Image-backed grounding data

========================

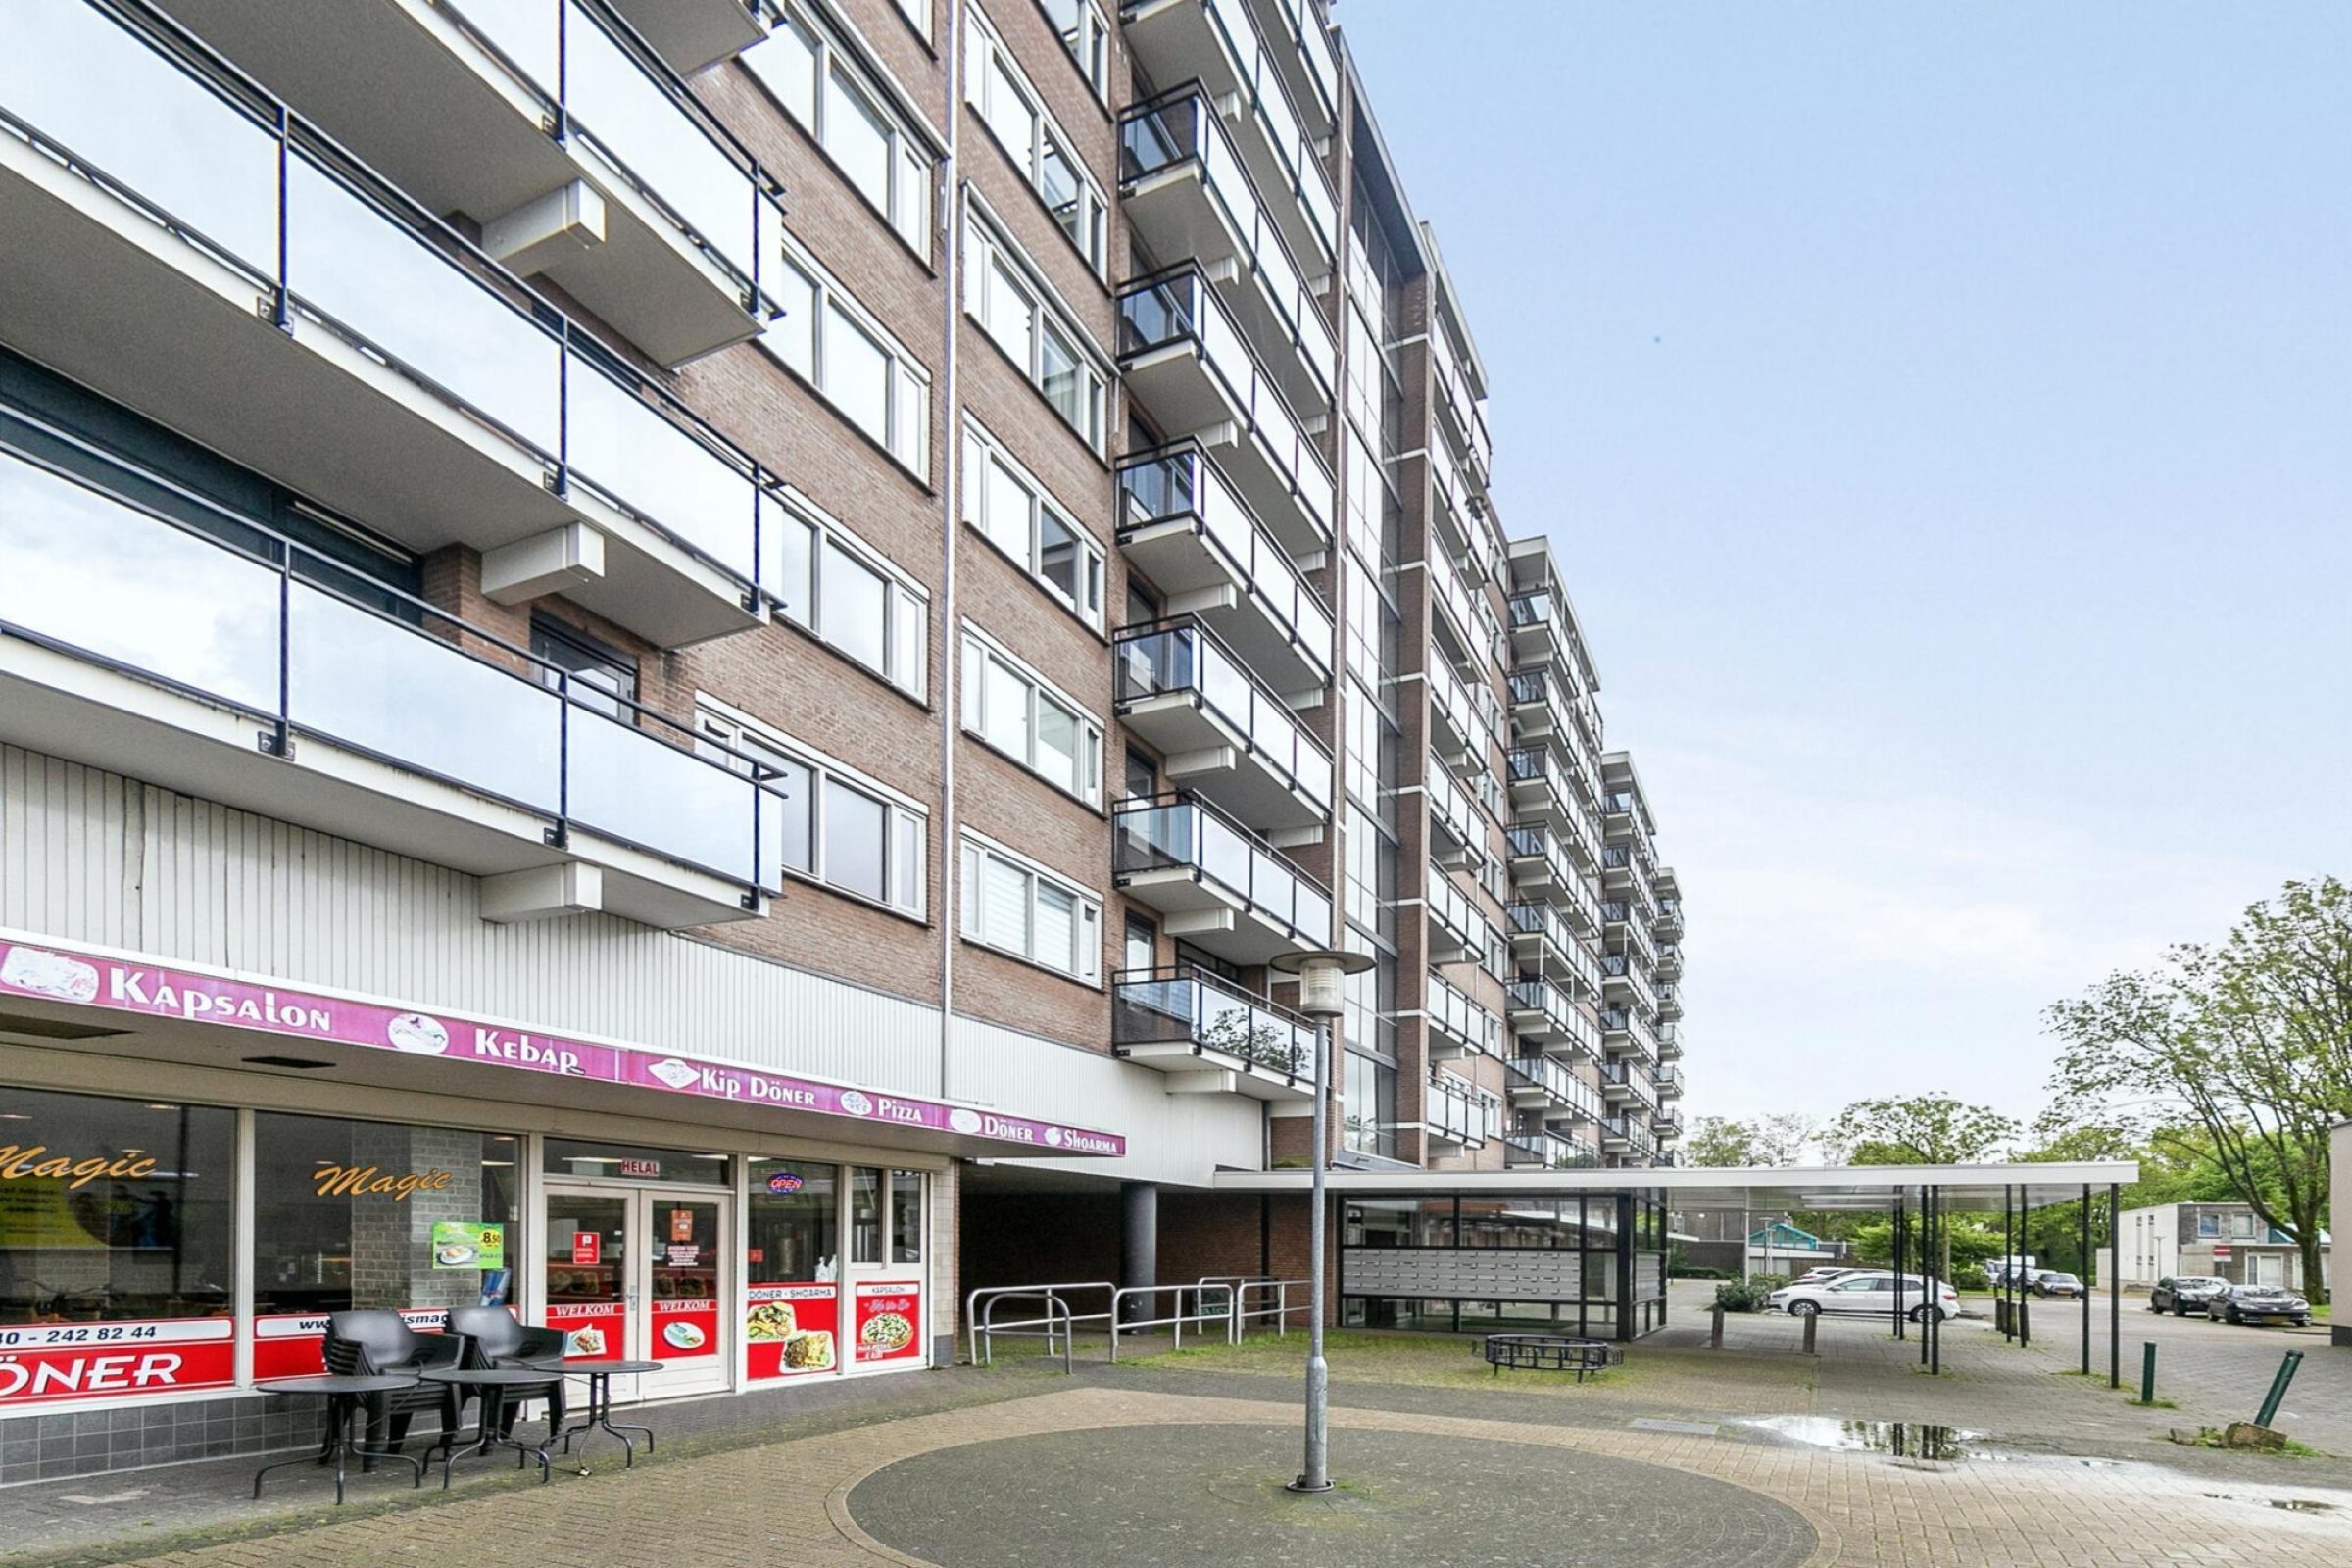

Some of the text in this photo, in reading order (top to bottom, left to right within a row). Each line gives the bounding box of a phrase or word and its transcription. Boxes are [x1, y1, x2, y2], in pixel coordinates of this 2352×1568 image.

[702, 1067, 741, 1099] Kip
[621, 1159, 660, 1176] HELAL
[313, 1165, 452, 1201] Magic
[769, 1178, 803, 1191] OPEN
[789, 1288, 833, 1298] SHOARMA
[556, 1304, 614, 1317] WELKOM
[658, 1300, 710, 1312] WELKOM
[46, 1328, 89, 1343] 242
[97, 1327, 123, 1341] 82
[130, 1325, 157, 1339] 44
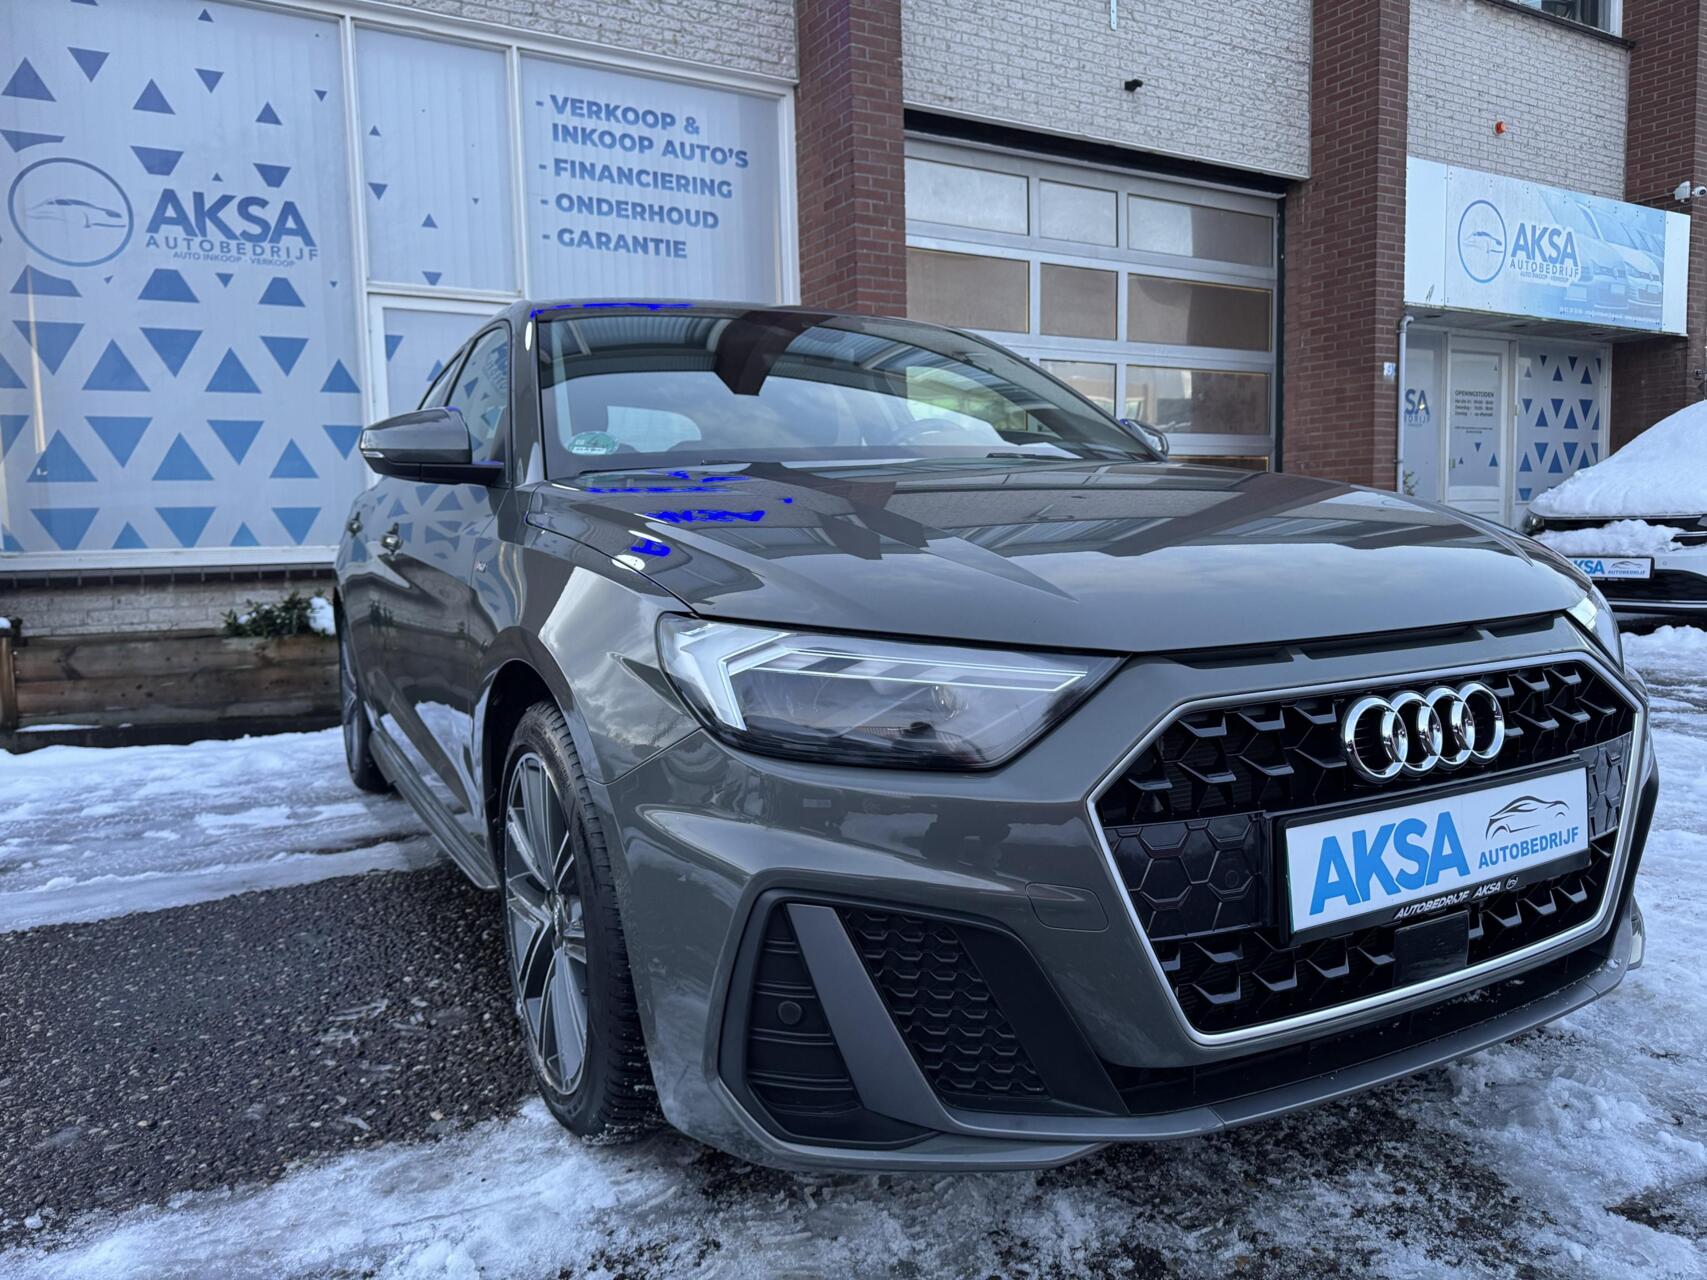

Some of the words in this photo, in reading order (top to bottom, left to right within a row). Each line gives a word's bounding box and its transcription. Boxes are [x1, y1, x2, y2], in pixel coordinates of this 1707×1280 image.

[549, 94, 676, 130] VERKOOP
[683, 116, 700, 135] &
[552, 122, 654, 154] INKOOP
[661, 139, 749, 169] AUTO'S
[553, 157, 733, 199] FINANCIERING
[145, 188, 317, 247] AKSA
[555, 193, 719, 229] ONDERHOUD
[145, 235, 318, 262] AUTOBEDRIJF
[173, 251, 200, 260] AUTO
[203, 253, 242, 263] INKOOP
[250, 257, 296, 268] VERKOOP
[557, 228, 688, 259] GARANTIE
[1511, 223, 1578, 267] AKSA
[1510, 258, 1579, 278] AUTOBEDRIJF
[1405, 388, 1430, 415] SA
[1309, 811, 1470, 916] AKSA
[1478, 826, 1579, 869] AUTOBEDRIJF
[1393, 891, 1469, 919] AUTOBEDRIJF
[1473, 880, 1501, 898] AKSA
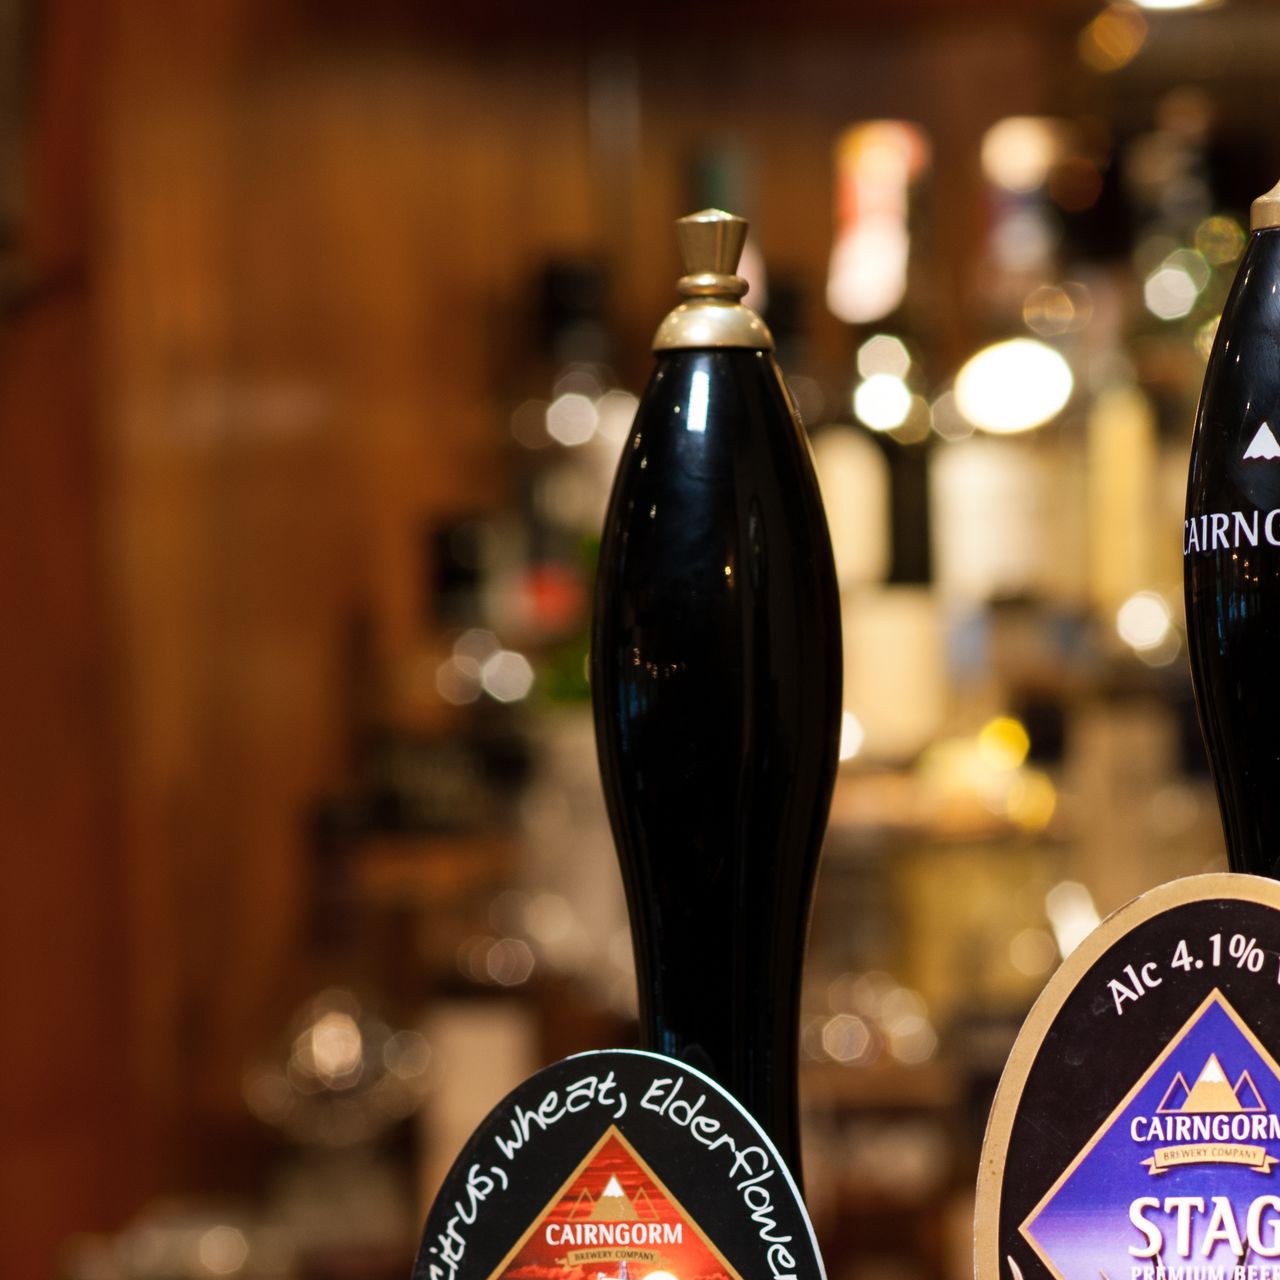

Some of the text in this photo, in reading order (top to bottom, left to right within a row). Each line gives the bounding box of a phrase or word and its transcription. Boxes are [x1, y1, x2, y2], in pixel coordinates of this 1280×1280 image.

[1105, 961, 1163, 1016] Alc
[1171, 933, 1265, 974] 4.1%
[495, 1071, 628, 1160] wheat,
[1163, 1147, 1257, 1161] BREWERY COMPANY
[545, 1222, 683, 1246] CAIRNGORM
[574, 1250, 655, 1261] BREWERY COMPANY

========================

TASK ITEM
All entries above are to be set down word for word, and the pictures are to be left out.

ANSWER TO THIS EXERCISE
Some of the text in this photo, in reading order (top to bottom, left to right within a row). Each line gives the bounding box of a phrase or word and its transcription. Boxes are [x1, y1, x2, y2], in pixel coordinates of this 2352×1568 image.

[702, 1067, 741, 1099] Kip
[621, 1159, 660, 1176] HELAL
[313, 1165, 452, 1201] Magic
[769, 1178, 803, 1191] OPEN
[789, 1288, 833, 1298] SHOARMA
[556, 1304, 614, 1317] WELKOM
[658, 1300, 710, 1312] WELKOM
[46, 1328, 89, 1343] 242
[97, 1327, 123, 1341] 82
[130, 1325, 157, 1339] 44

Some of the words in this photo, in reading order (top to bottom, left to right within a row). Each line gives a word's bounding box and its transcription. Boxes are [x1, y1, x2, y2], in pixel coordinates of this 1707×1280 image.

[549, 94, 676, 130] VERKOOP
[683, 116, 700, 135] &
[552, 122, 654, 154] INKOOP
[661, 139, 749, 169] AUTO'S
[553, 157, 733, 199] FINANCIERING
[145, 188, 317, 247] AKSA
[555, 193, 719, 229] ONDERHOUD
[145, 235, 318, 262] AUTOBEDRIJF
[173, 251, 200, 260] AUTO
[203, 253, 242, 263] INKOOP
[250, 257, 296, 268] VERKOOP
[557, 228, 688, 259] GARANTIE
[1511, 223, 1578, 267] AKSA
[1510, 258, 1579, 278] AUTOBEDRIJF
[1405, 388, 1430, 415] SA
[1309, 811, 1470, 916] AKSA
[1478, 826, 1579, 869] AUTOBEDRIJF
[1393, 891, 1469, 919] AUTOBEDRIJF
[1473, 880, 1501, 898] AKSA

Some of the text in this photo, in reading order (top to bottom, left to right within a row). Each line gives the bounding box of a phrase or word and its transcription. Boxes are [x1, y1, x2, y2], in pixel coordinates of this 1280×1280 image.

[1105, 961, 1163, 1016] Alc
[1171, 933, 1265, 974] 4.1%
[495, 1071, 628, 1160] wheat,
[1163, 1147, 1257, 1161] BREWERY COMPANY
[545, 1222, 683, 1246] CAIRNGORM
[574, 1250, 655, 1261] BREWERY COMPANY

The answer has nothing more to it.